After three days of committee meetings, and hours of private conversations between legislators, Ways and Means Chairman Jay Emler, R-Lindsborg, abruptly ended the meeting, announcing, “We are adjourned until the 28th.” That is the first day of the Legislature’s wrap-up session.

Both Emler and vice chair Sen. John Vratil, R-Leawood, refused to comment further.

The committee breakdown is indicative of the tough political wrangling ahead for legislators as they deal with an estimated $500 million shortfall after the state budget has already been cut by nearly $1 billion.

Senate Democratic Leader Anthony Hensley of Topeka said the committee results were disappointing. “If this committee can’t get it done, it can’t get done,” Hensley said.

Ways and Means member Sen. Jean Schodorf, R-Wichita, said the budget hole is too deep to fill only with a tax increase. “I think we have to start all over,” she said, adding that more cuts are needed.

Schodorf said she is hearing from constituents that they can accept a one-cent increase in the state sales tax, but that when other levies are added to the mix, the tax package loses traction.

Emler had the staff prepare a proposal to increase the state sales, liquor, cigarette and tobacco taxes.

But Democrats say they want a tax increase that relies less on a sales tax increase and includes a new state income tax bracket for high-wager earners. Hensley that would be more fair.

Even so, Hensley said it wasn’t the tax deliberations that was holding up the committee, but some hard feelings over earlier votes on budget provisions.

Meanwhile a coalition, composed of education and social service groups, is advocating a tax and mend policy, saying more revenue is needed to repair deep budget cuts.

“The scenario before us today is not pretty,” said a statement from Kansans for Quality Communities. “An increase in taxes is appropriate and possible,” it said.

Gov.
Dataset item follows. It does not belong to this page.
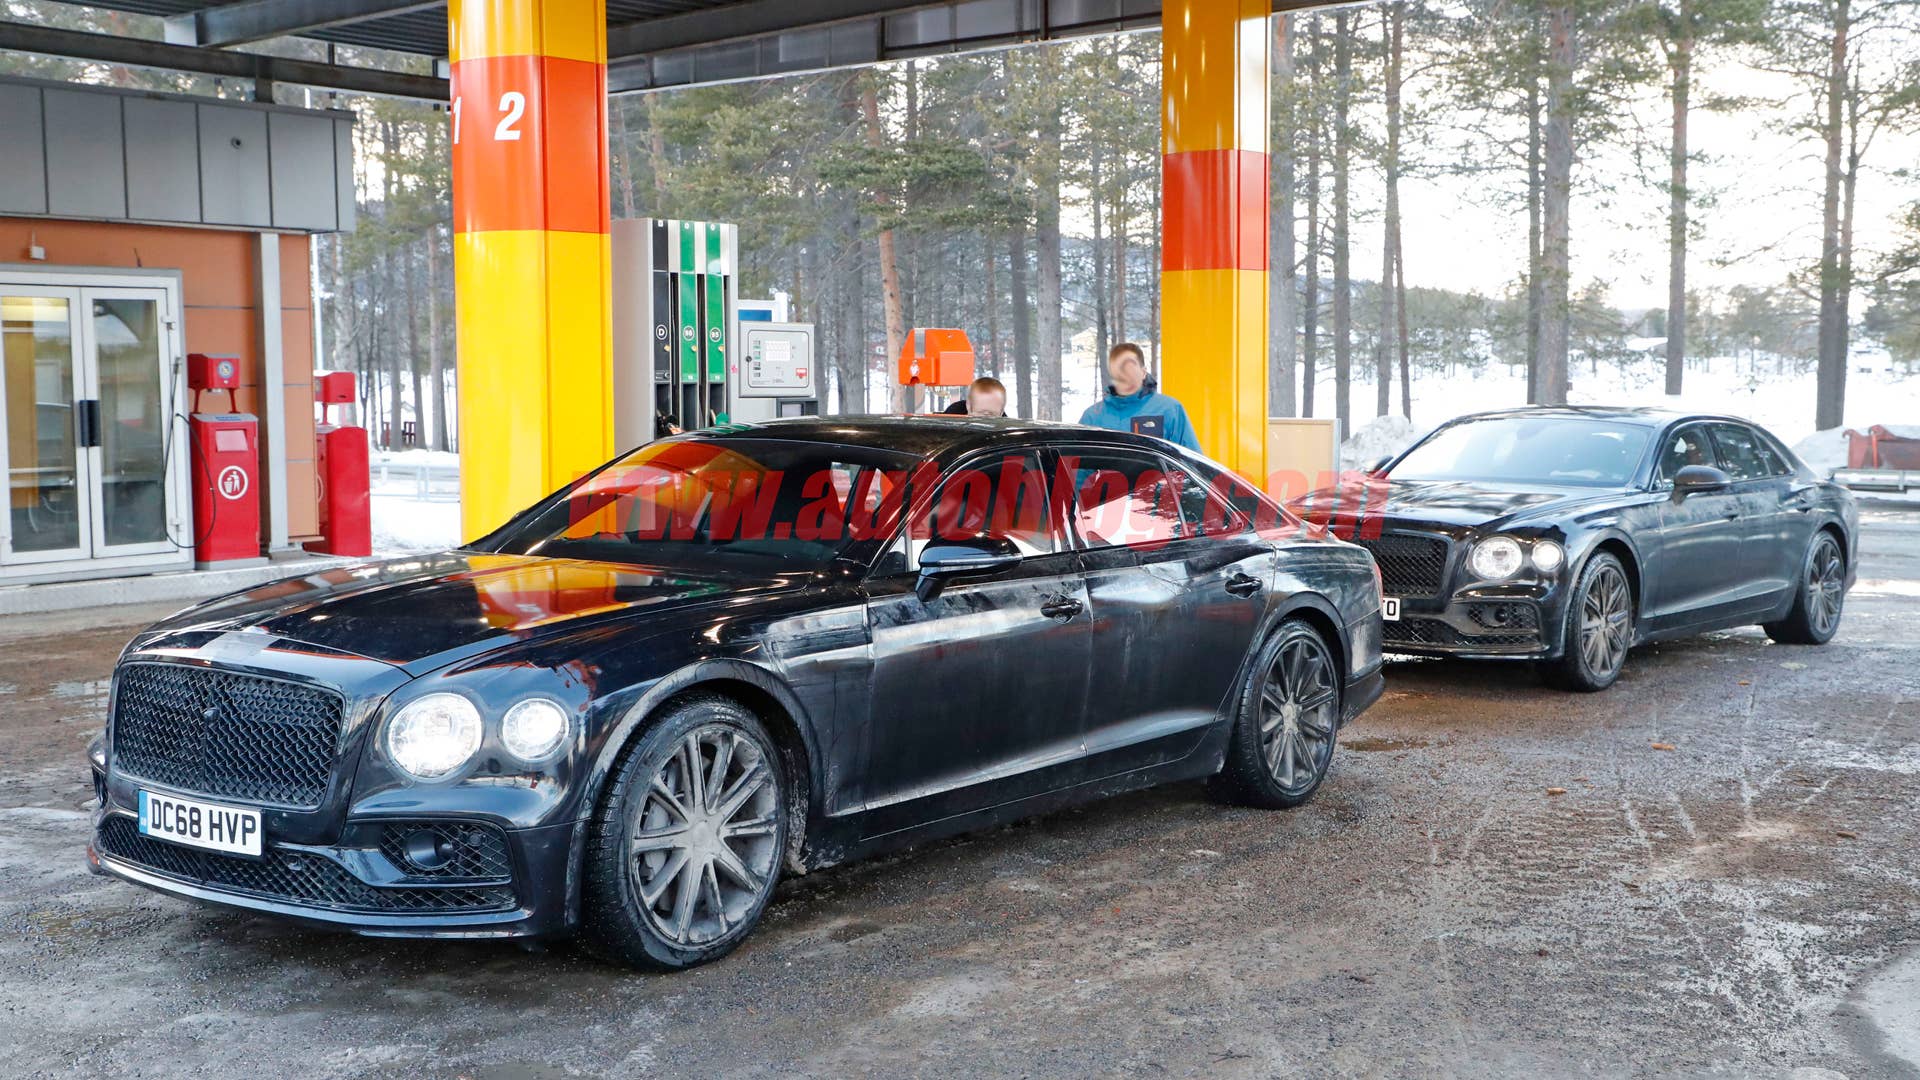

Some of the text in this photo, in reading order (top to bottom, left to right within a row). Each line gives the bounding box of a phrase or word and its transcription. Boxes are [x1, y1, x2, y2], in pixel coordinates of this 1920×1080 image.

[494, 91, 526, 141] 2
[151, 798, 257, 846] DC68 HVP
Mark Parkinson has proposed a temporary one-cent increase in the state sales tax from 5.3 cents per dollar to 6.3 cents per dollar, and a 55-cent per pack increase in the cigarette tax.

Parkinson says further cuts will inflict permanent damage on vital state services.

The coalition agreed and noted that 65 Kansans with disabilities have died while on state waiting lists for in-home services; 13,000 pregnant women have lost dental services under Medicaid cuts; and hundreds of teachers and support personnel will get non-renewal notices. “This is not trimming the fat; this is cutting the bone, amputating a limb,” the coalition said.